Entre terre et mer, façonnées par le vent du large et les pluies d’été, les dunes et les lagunes du parcs national des Lençois Maranhenses offrent un spectacle inégalable.

Pour être honnête, des dunes, j’avais commencé à en voir dès Pipa dans l’état de Rio Grande do Norte. A petite dose d’abord, puis de plus en plus une fois passé Fortaleza.

Mundau, Jericoacoara, Parnaiba… toutes ces localités avaient leurs montagnes de sable. Plus ou moins hautes, plus ou moins étendues, plus ou moins exploitées touristiquement… mais le clou du spectacle, la cerise sur le gâteau, le pompon, le césar… tout cela revenait sans discuter aux Lençois Maranhenses.

Situé au nord est du pays, dans l’état du Maranhão, le parc a une superficie de près de 1550 km2 et se visite essentiellement entre les mois de juin et août (après la saison des pluies).

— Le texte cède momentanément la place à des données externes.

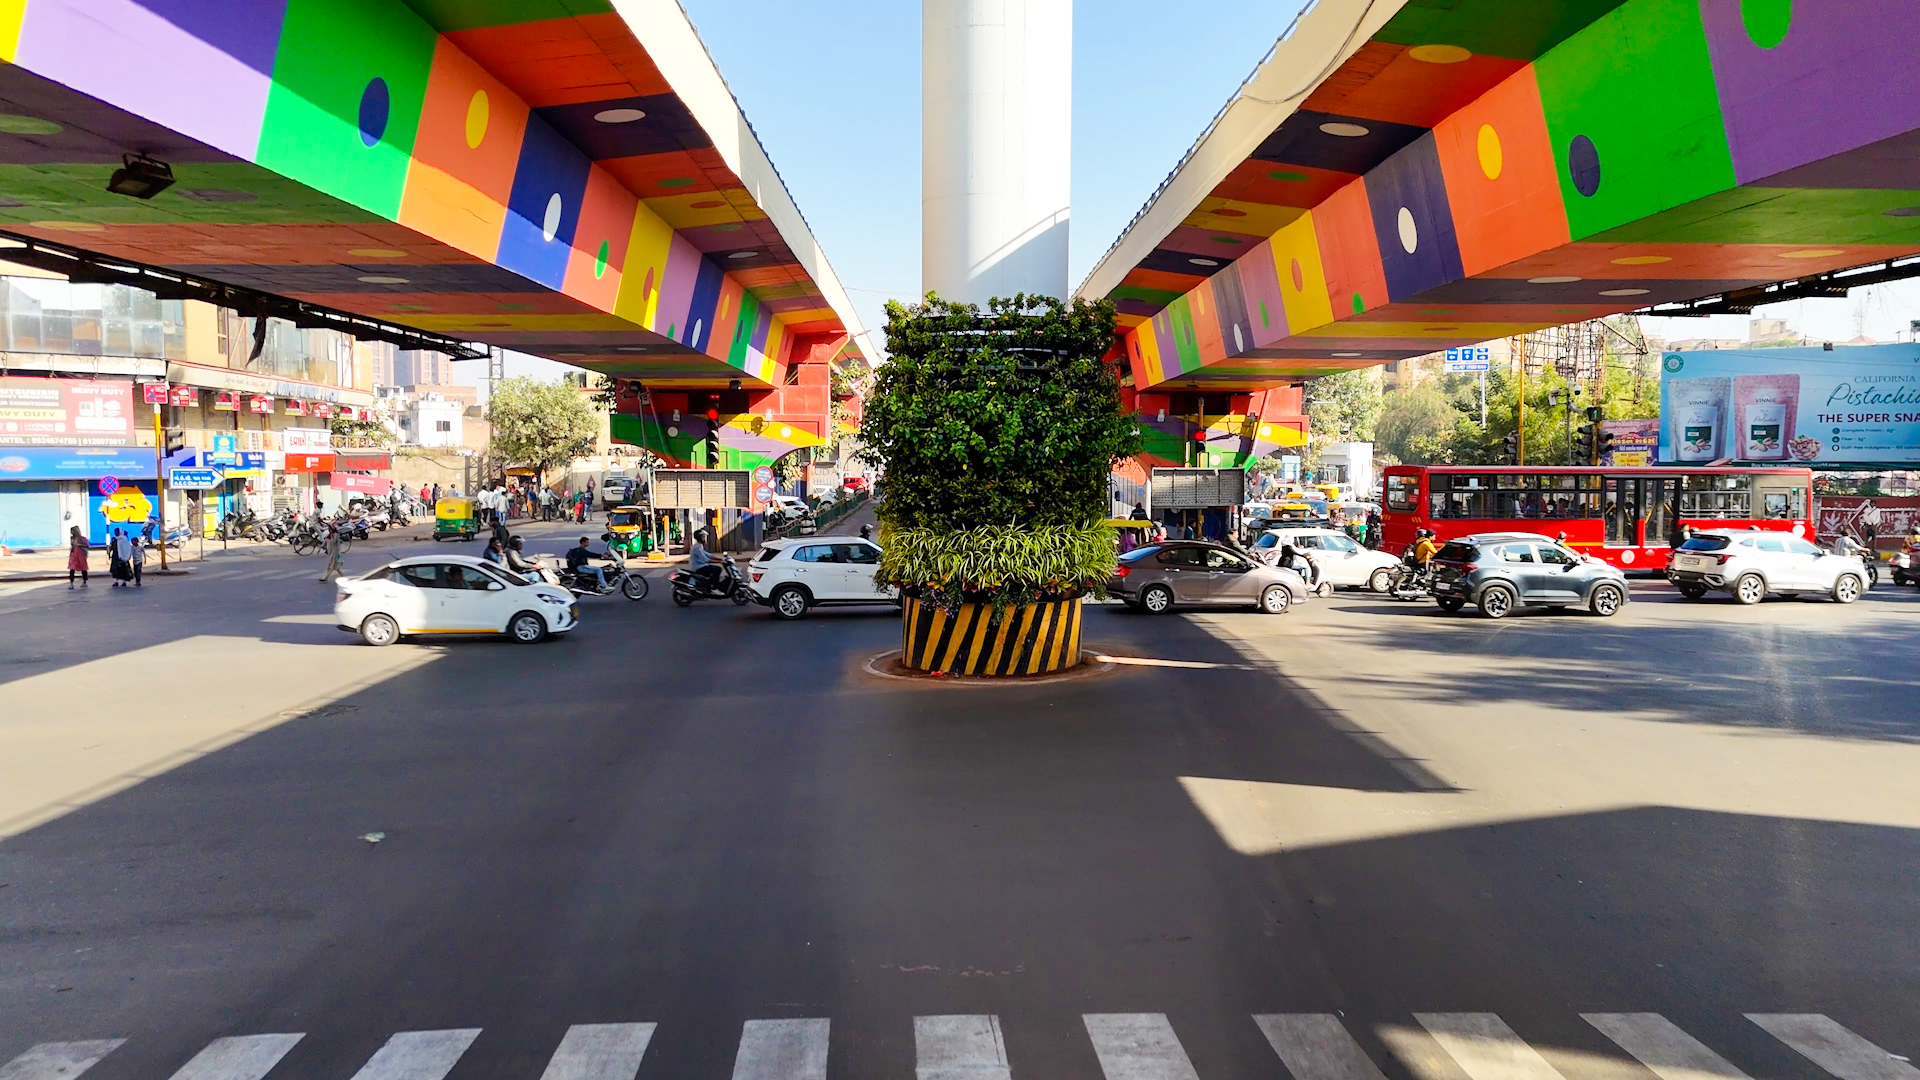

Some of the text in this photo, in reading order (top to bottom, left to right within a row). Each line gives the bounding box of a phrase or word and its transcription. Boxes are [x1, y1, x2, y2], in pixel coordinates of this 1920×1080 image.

Le parc possède plusieurs « portes d’entrées », autrement dit plusieurs villages depuis lesquels il est possible d’organiser des excursions. Barreirinhas est le plus connu d’entre eux. C’est le plus accessible et le plus développé, pas forcément le plus charmant. C’est aussi le plus éloigné : on ne peut accéder à pieds aux dunes comme à Atins ou Santo Amaro. Il faut nécessairement un véhicule, alias payer une excursion.

Excursion à Lagoa Bonita

Arrivée à Barreirinhas en milieu d’après-midi en jardinière (sorte de grosse jeep avec des bancs à l’arrière) depuis Tutoia, j’ai tout juste eu le temps de poser mon sac à dos chez « Le professeur »  pour sauter dans une autre jardinière direction Lagoa Bonita.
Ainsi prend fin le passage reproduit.